What to work on:
The entries that follow should come back exactly, with no pictures among them.

[Input material]

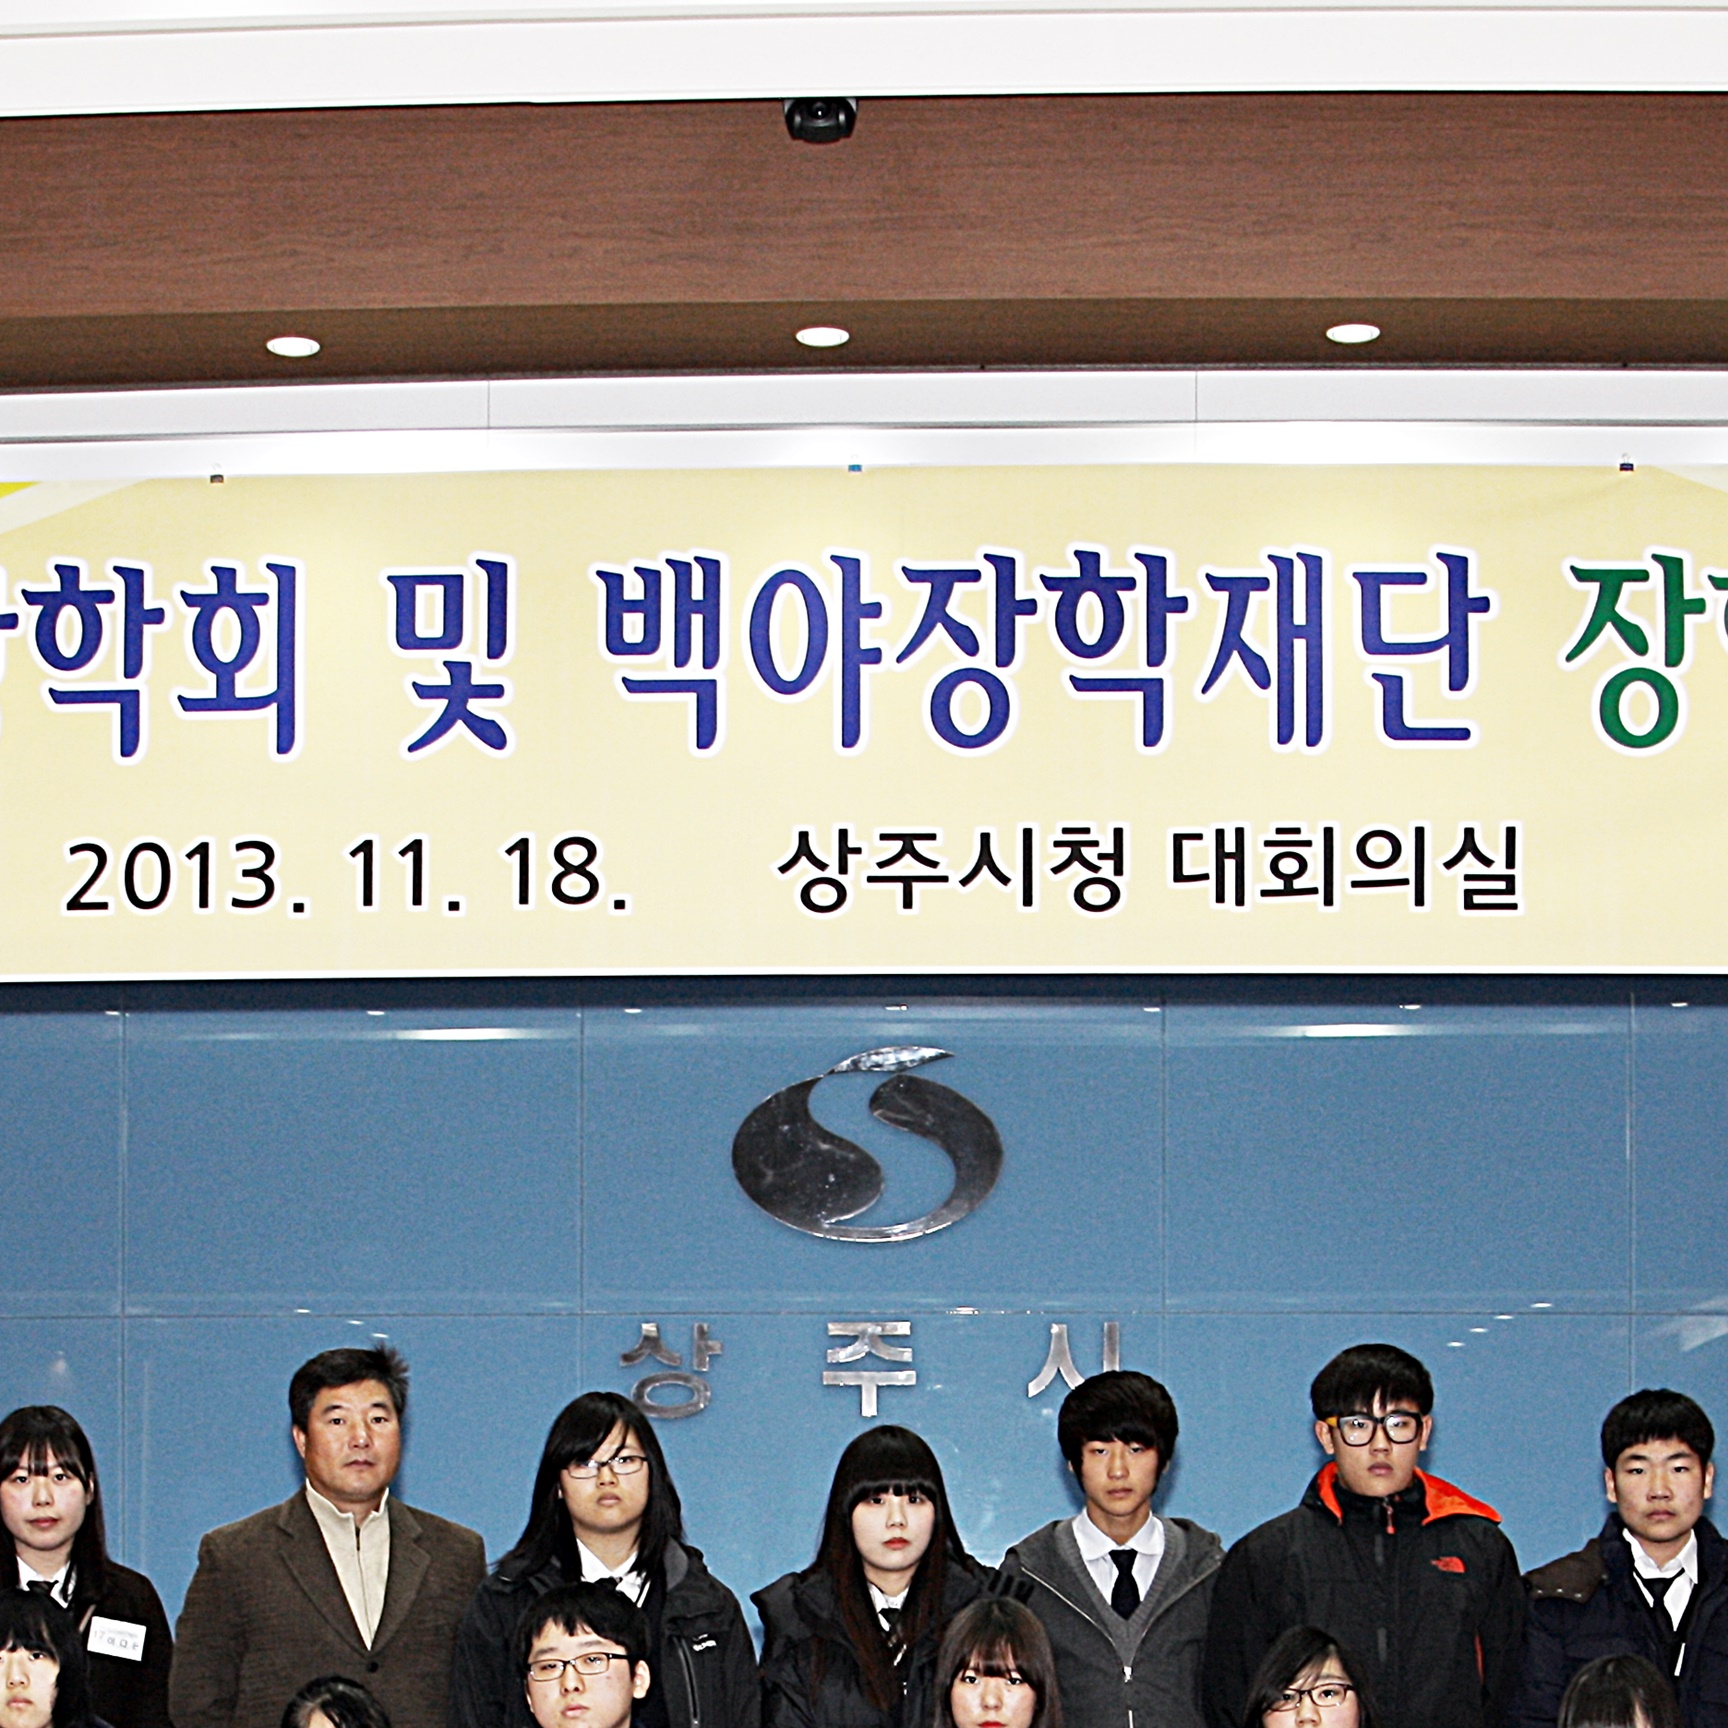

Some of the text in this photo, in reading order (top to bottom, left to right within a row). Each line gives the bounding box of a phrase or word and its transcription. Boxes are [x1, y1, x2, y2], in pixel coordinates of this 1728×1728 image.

[387, 558, 508, 752] 및
[595, 549, 1492, 749] 백야장학재단
[67, 836, 626, 913] 2013. 11. 18.
[777, 825, 1519, 913] 상주시청 대회의실

[/Input material]

Task response:
Some of the text in this photo, in reading order (top to bottom, left to right within a row). Each line gives the bounding box of a phrase or word and its transcription. Boxes are [x1, y1, x2, y2], in pixel coordinates of this 1728×1728 image.

[387, 558, 508, 752] 및
[595, 549, 1492, 749] 백야장학재단
[67, 836, 626, 913] 2013. 11. 18.
[777, 825, 1519, 913] 상주시청 대회의실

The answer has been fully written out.